What to produce: Your output should match the listing below word for word, without any images.

Dataset excerpts:
▶

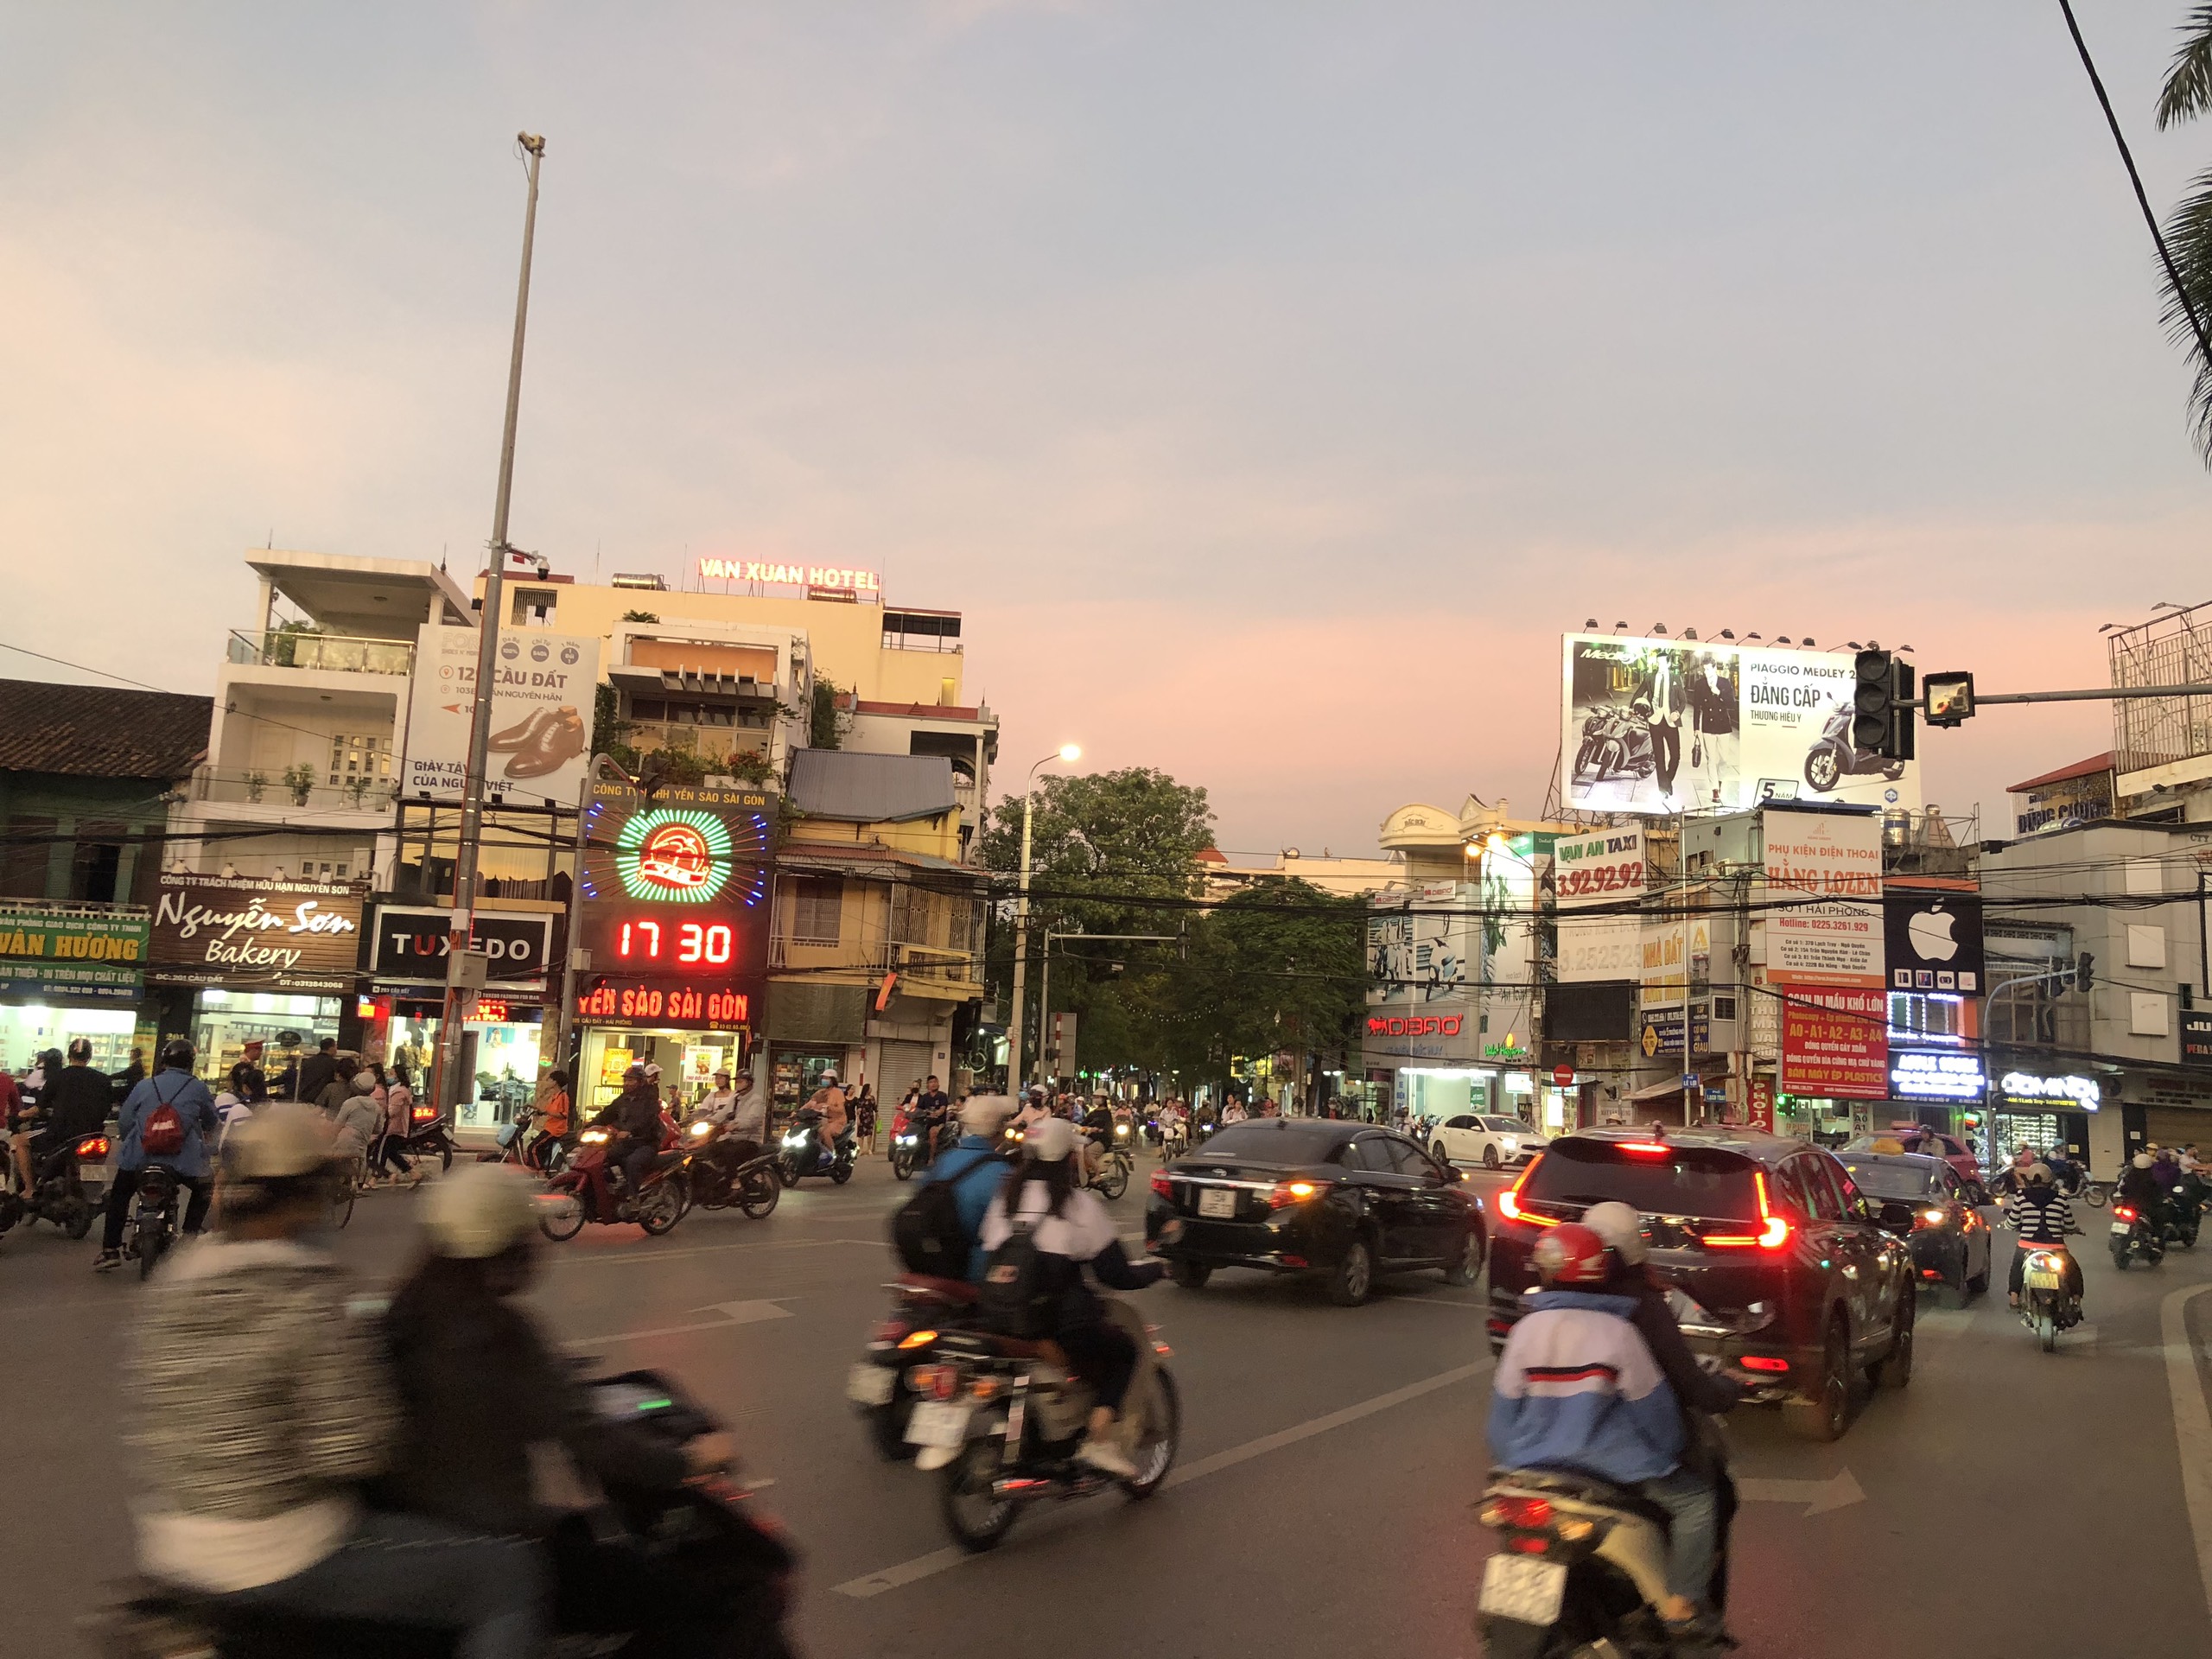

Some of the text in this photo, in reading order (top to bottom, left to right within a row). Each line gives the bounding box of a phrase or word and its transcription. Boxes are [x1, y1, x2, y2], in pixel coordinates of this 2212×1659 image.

[700, 557, 879, 590] VAN XUAN HOTEL
[531, 670, 568, 689] ĐẤT
[1751, 663, 1800, 675] PIAGGIO
[1803, 667, 1845, 679] MEDLEY
[1751, 676, 1821, 708] ĐẲNG CẤP
[415, 760, 443, 772] GIÀY
[413, 773, 437, 787] CỦA
[1761, 781, 1776, 798] 5
[593, 783, 622, 796] CÔNG
[674, 788, 694, 801] YẾN
[699, 791, 719, 804] SÀO
[744, 792, 766, 806] GÒN
[1559, 834, 1637, 863] VẠN AN TAXI
[1768, 843, 1878, 861] PHỤ KIỆN ĐIỆN THOẠI
[161, 874, 185, 886] CÔNG
[275, 881, 295, 893] HẠN
[332, 885, 350, 895] SƠN
[1556, 861, 1643, 897] 3.92.92.92
[1768, 858, 1879, 895] HẰNG LOZEN
[155, 891, 355, 940] Nguyễn Sơn
[1779, 917, 1869, 932] Hotline: 0225.3261.929
[54, 931, 139, 961] HƯƠNG
[205, 937, 302, 969] Bakery
[620, 921, 731, 963] 17 30
[578, 980, 748, 1020] YẾN SÀO SÀI GÒN
[1847, 992, 1865, 1011] KHỔ
[1866, 995, 1884, 1013] LỚN
[1789, 1023, 1883, 1042] A0 A1 A2 A3 A4
[1787, 1065, 1806, 1077] BÁN
[1808, 1067, 1829, 1079] MÁY
[1844, 1071, 1884, 1083] PLASTICS

◀

Exercise result:
Some of the text in this photo, in reading order (top to bottom, left to right within a row). Each line gives the bounding box of a phrase or word and its transcription. Boxes are [x1, y1, x2, y2], in pixel coordinates of this 2212×1659 image.

[700, 557, 879, 590] VAN XUAN HOTEL
[531, 670, 568, 689] ĐẤT
[1751, 663, 1800, 675] PIAGGIO
[1803, 667, 1845, 679] MEDLEY
[1751, 676, 1821, 708] ĐẲNG CẤP
[415, 760, 443, 772] GIÀY
[413, 773, 437, 787] CỦA
[1761, 781, 1776, 798] 5
[593, 783, 622, 796] CÔNG
[674, 788, 694, 801] YẾN
[699, 791, 719, 804] SÀO
[744, 792, 766, 806] GÒN
[1559, 834, 1637, 863] VẠN AN TAXI
[1768, 843, 1878, 861] PHỤ KIỆN ĐIỆN THOẠI
[161, 874, 185, 886] CÔNG
[275, 881, 295, 893] HẠN
[332, 885, 350, 895] SƠN
[1556, 861, 1643, 897] 3.92.92.92
[1768, 858, 1879, 895] HẰNG LOZEN
[155, 891, 355, 940] Nguyễn Sơn
[1779, 917, 1869, 932] Hotline: 0225.3261.929
[54, 931, 139, 961] HƯƠNG
[205, 937, 302, 969] Bakery
[620, 921, 731, 963] 17 30
[578, 980, 748, 1020] YẾN SÀO SÀI GÒN
[1847, 992, 1865, 1011] KHỔ
[1866, 995, 1884, 1013] LỚN
[1789, 1023, 1883, 1042] A0 A1 A2 A3 A4
[1787, 1065, 1806, 1077] BÁN
[1808, 1067, 1829, 1079] MÁY
[1844, 1071, 1884, 1083] PLASTICS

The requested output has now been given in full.